- [Required work]: Give the records again, word for word.
Data in this exercise section start
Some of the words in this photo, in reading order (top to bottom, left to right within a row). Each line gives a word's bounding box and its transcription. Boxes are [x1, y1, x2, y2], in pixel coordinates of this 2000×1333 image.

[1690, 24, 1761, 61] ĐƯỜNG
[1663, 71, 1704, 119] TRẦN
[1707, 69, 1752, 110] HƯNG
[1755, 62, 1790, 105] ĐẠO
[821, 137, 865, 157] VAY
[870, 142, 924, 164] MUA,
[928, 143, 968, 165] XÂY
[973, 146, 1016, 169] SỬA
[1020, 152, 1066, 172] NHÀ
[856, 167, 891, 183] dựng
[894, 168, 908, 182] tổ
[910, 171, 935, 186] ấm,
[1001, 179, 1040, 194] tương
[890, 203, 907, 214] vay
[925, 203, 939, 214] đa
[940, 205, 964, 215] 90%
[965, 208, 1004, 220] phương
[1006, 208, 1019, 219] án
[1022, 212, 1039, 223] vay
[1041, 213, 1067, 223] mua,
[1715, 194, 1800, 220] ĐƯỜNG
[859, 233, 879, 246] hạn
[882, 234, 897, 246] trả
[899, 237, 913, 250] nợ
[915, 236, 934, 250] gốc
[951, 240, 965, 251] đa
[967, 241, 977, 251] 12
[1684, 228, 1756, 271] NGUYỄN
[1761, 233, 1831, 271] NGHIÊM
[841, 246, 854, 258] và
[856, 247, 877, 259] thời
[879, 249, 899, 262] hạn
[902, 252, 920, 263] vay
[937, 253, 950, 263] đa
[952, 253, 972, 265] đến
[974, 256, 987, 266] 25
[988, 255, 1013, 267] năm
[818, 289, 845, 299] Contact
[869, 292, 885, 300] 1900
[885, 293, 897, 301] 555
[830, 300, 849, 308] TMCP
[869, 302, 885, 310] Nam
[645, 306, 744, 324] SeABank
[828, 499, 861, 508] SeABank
Data in this exercise section end
- [The completed task]:
Some of the words in this photo, in reading order (top to bottom, left to right within a row). Each line gives a word's bounding box and its transcription. Boxes are [x1, y1, x2, y2], in pixel coordinates of this 2000×1333 image.

[1690, 24, 1761, 61] ĐƯỜNG
[1663, 71, 1704, 119] TRẦN
[1707, 69, 1752, 110] HƯNG
[1755, 62, 1790, 105] ĐẠO
[821, 137, 865, 157] VAY
[870, 142, 924, 164] MUA,
[928, 143, 968, 165] XÂY
[973, 146, 1016, 169] SỬA
[1020, 152, 1066, 172] NHÀ
[856, 167, 891, 183] dựng
[894, 168, 908, 182] tổ
[910, 171, 935, 186] ấm,
[1001, 179, 1040, 194] tương
[890, 203, 907, 214] vay
[925, 203, 939, 214] đa
[940, 205, 964, 215] 90%
[965, 208, 1004, 220] phương
[1006, 208, 1019, 219] án
[1022, 212, 1039, 223] vay
[1041, 213, 1067, 223] mua,
[1715, 194, 1800, 220] ĐƯỜNG
[859, 233, 879, 246] hạn
[882, 234, 897, 246] trả
[899, 237, 913, 250] nợ
[915, 236, 934, 250] gốc
[951, 240, 965, 251] đa
[967, 241, 977, 251] 12
[1684, 228, 1756, 271] NGUYỄN
[1761, 233, 1831, 271] NGHIÊM
[841, 246, 854, 258] và
[856, 247, 877, 259] thời
[879, 249, 899, 262] hạn
[902, 252, 920, 263] vay
[937, 253, 950, 263] đa
[952, 253, 972, 265] đến
[974, 256, 987, 266] 25
[988, 255, 1013, 267] năm
[818, 289, 845, 299] Contact
[869, 292, 885, 300] 1900
[885, 293, 897, 301] 555
[830, 300, 849, 308] TMCP
[869, 302, 885, 310] Nam
[645, 306, 744, 324] SeABank
[828, 499, 861, 508] SeABank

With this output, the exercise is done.